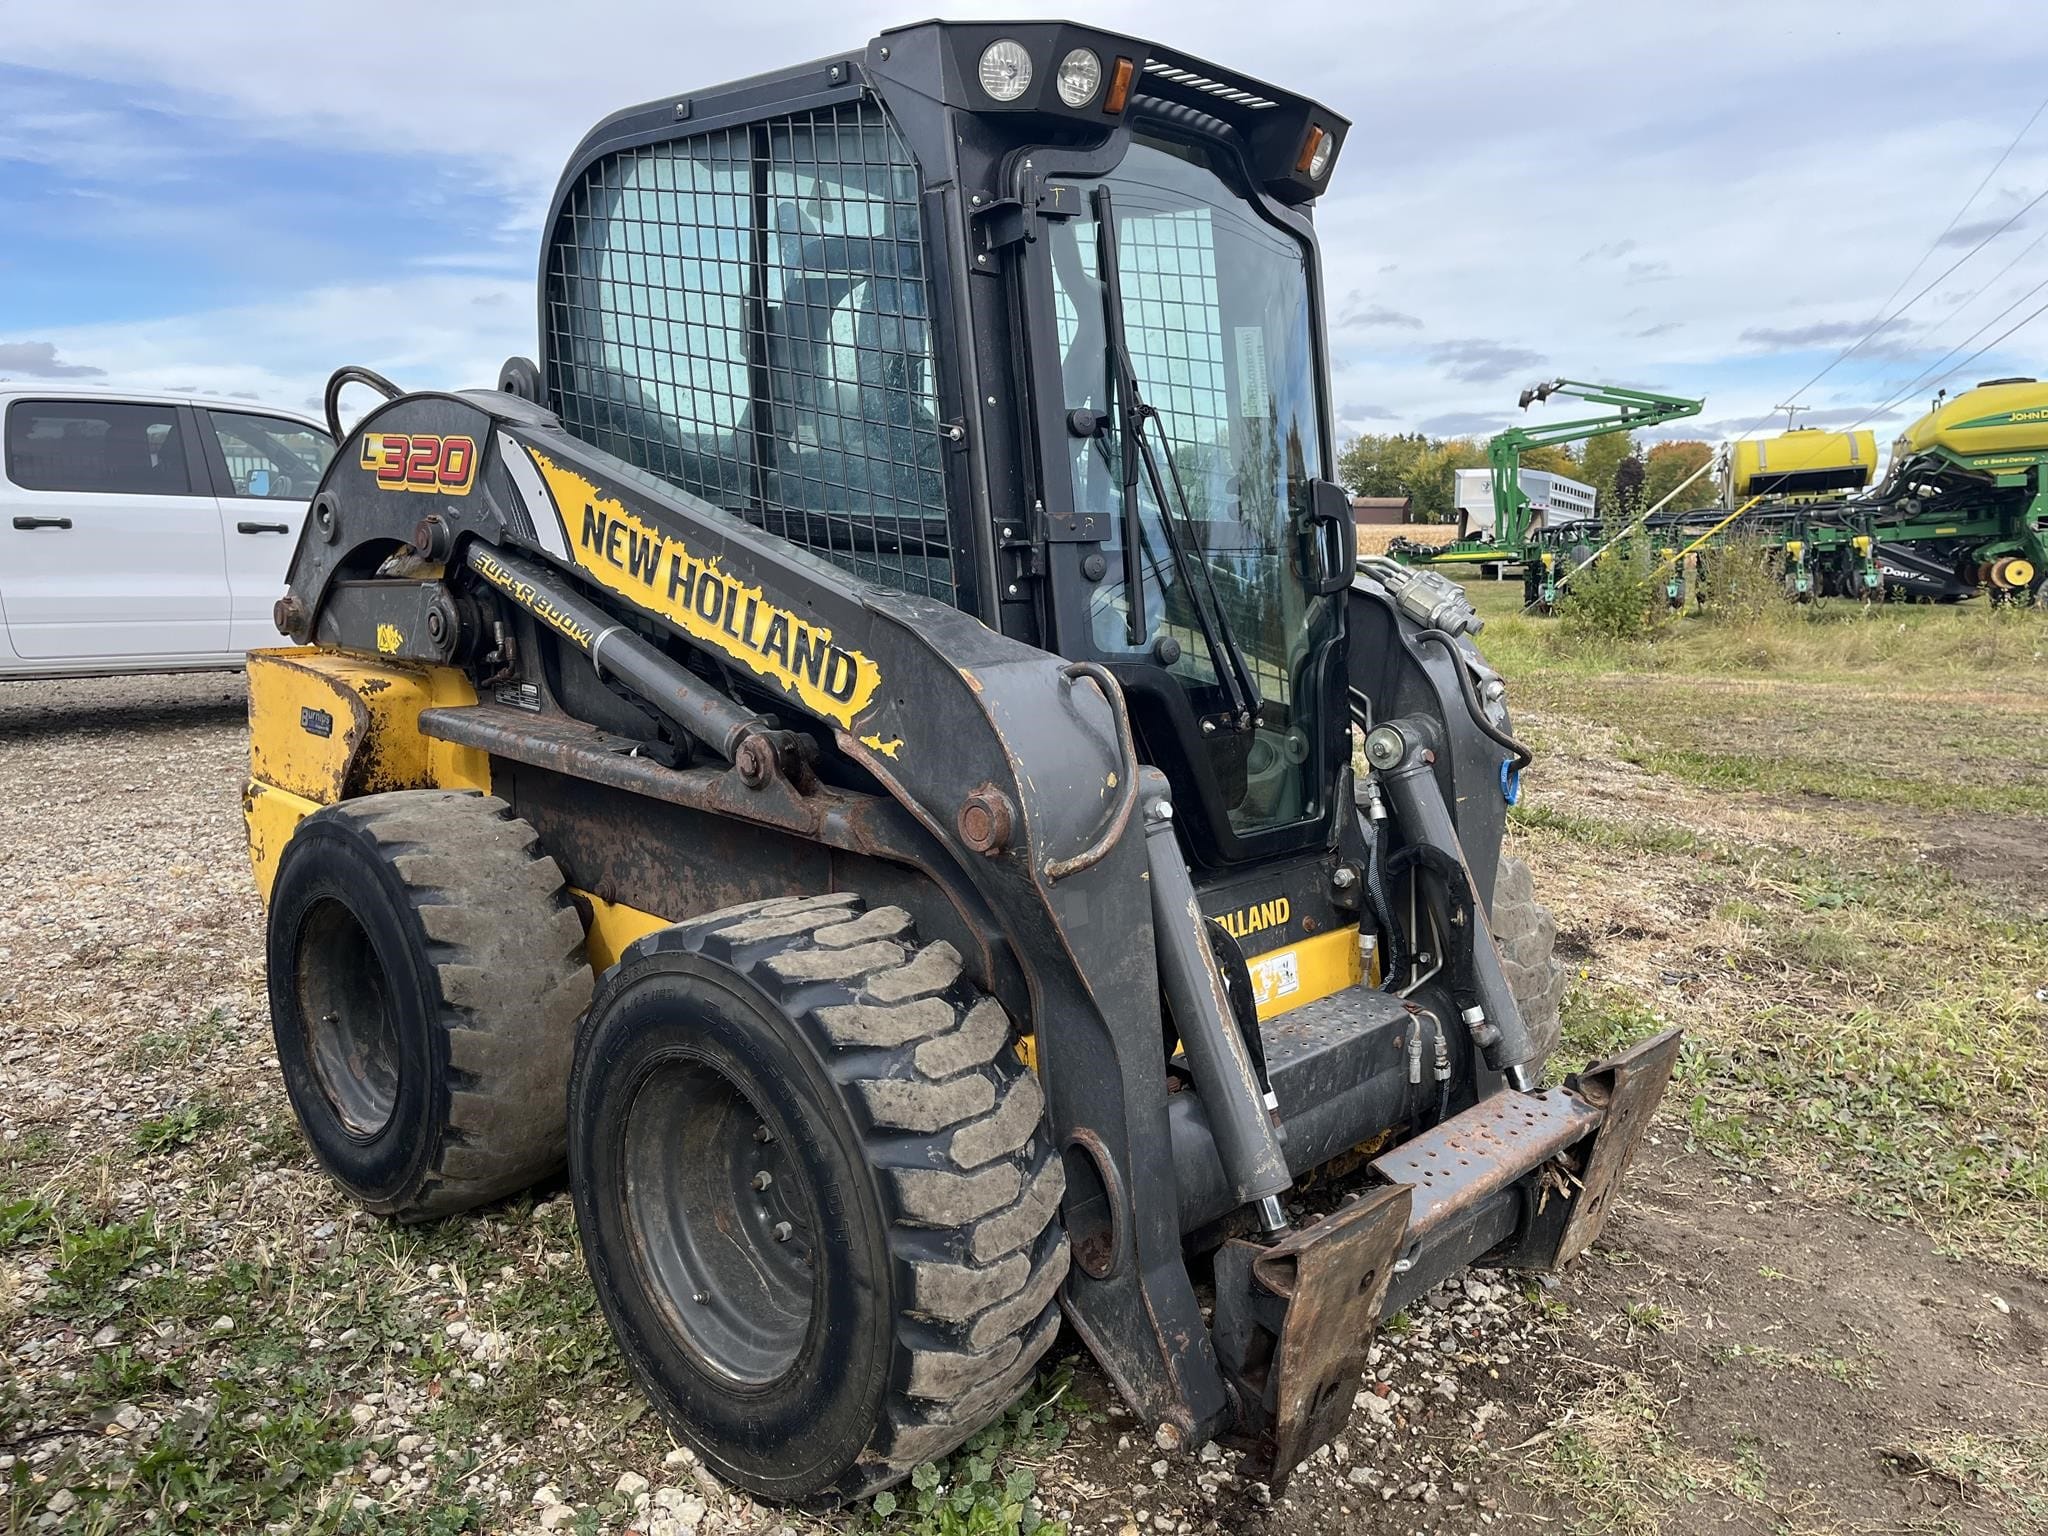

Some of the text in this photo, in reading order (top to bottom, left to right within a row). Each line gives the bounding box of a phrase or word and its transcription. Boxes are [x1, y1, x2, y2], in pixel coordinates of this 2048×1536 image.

[2009, 411, 2040, 421] JOHN
[361, 434, 476, 493] L320
[474, 552, 594, 648] SUPER BOOM
[581, 503, 857, 702] NEW HOLLAND

----

WHAT YOU NEED TO DO:
The expected answer is the full listing above, transcribed exactly and without pictures.

EXERCISE ANSWER:
Some of the text in this photo, in reading order (top to bottom, left to right within a row). Each line gives the bounding box of a phrase or word and its transcription. Boxes are [x1, y1, x2, y2], in pixel coordinates of this 2048×1536 image.

[2009, 411, 2040, 421] JOHN
[361, 434, 476, 493] L320
[474, 552, 594, 648] SUPER BOOM
[581, 503, 857, 702] NEW HOLLAND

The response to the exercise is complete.